Note: this is a translation of an original piece published by Salvatore Fiandaca on the 10th April 2021. / Questa è una traduzione (più o meno letterale) di un articolo pubblicato da Salvatore Fiandaca il 10 aprile 2021. Thanks to Paola Chiara Masuzzo for translating it into English.


If you live in Sicily and want to know if your city is currently red, i.e. under specific COVID-19 restrictions (Italy uses a colour coded schema), all you need to do is read 197 pages of PDF files published by the regional government.

The official website of Sicily (Regione Siciliana) does not report any list of the cities currently red (which is the highest of the restrictions imposed): this information is trapped within a webpage that collects the so-called ‘ordinanze’ (we will refer to these documents as ‘decrees’ in the rest of this piece), a bunch of PDF files reporting the latest decisions made by the regional government.

This list is not really updated: at noon on the 10th April 2021, the files of the 9th April (number 37 and 38) were still not available.

A possible alternative way to consult these data is the map built by the ‘Dipartimento della Protezione Civile Regionale’, which, however, presents quite some limitations:

  • at 11:30 am on the 10th of April 2021, the map lists several cities that will only become red from the 11th of April, the following day
  • the map does not provide any information on the timeline of the restrictions: since when and until when the city has red zone restrictions; this information is absolutely key, and given the above point, we can’t even be sure that the map provides a precise photo of the current situation
  • it’s impossible, from the map, to go back to the files that delineate the restrictions, their timings, and their scope. It’s crucial to be able to link back this type of data to the raw, official source of information (especially given that this information is provided and published by the local authorities) 
  • the geographic representation of the map alone is not enough: a structured and updated list of files embedding the data represented is nowhere to be found

So, we thought about it: https://tinyurl.com/zonerossesicilia


Note: after the publication of the original post in Italian, the “Dipartimento della Protezione Civile Regionale” has updated its map, corrected it and added the necessary basic information. We appreciate that, it is a nice result of the action of this community.

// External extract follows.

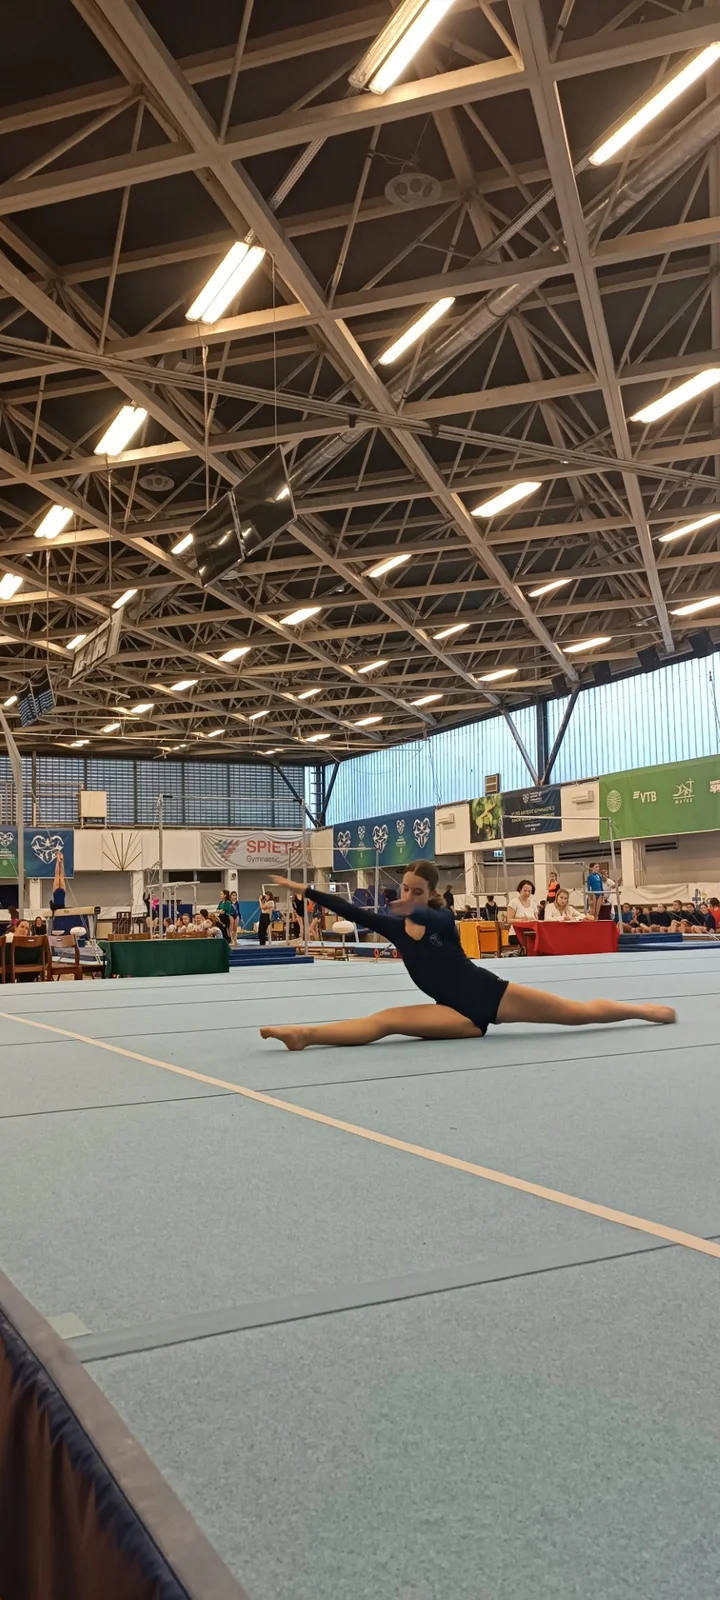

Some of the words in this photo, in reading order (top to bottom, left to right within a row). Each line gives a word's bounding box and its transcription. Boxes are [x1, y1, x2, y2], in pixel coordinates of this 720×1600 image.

[640, 791, 657, 803] VTB
[246, 840, 302, 854] SPIETH
[247, 855, 280, 863] Gymnastic

The documents that list the governmental decisions for the red zones in Sicily (often not even real PDF, but simply the result of the documents scanning) are collected on the official website under the section “SERVIZI INFORMATIVI | ORDINANZE COVID-19”; when this article was written (10th of April 2021), there were 36 of these files. 

PDF files are not the easiest to read, especially if these are images (you can’t even search for text, in this latter case), not from machines, nor from humans, who would be lost in front of a big amount of bureaucratic jargon. So we thought of collecting all the cities in Sicily with red-zone restrictions in a public Google sheet.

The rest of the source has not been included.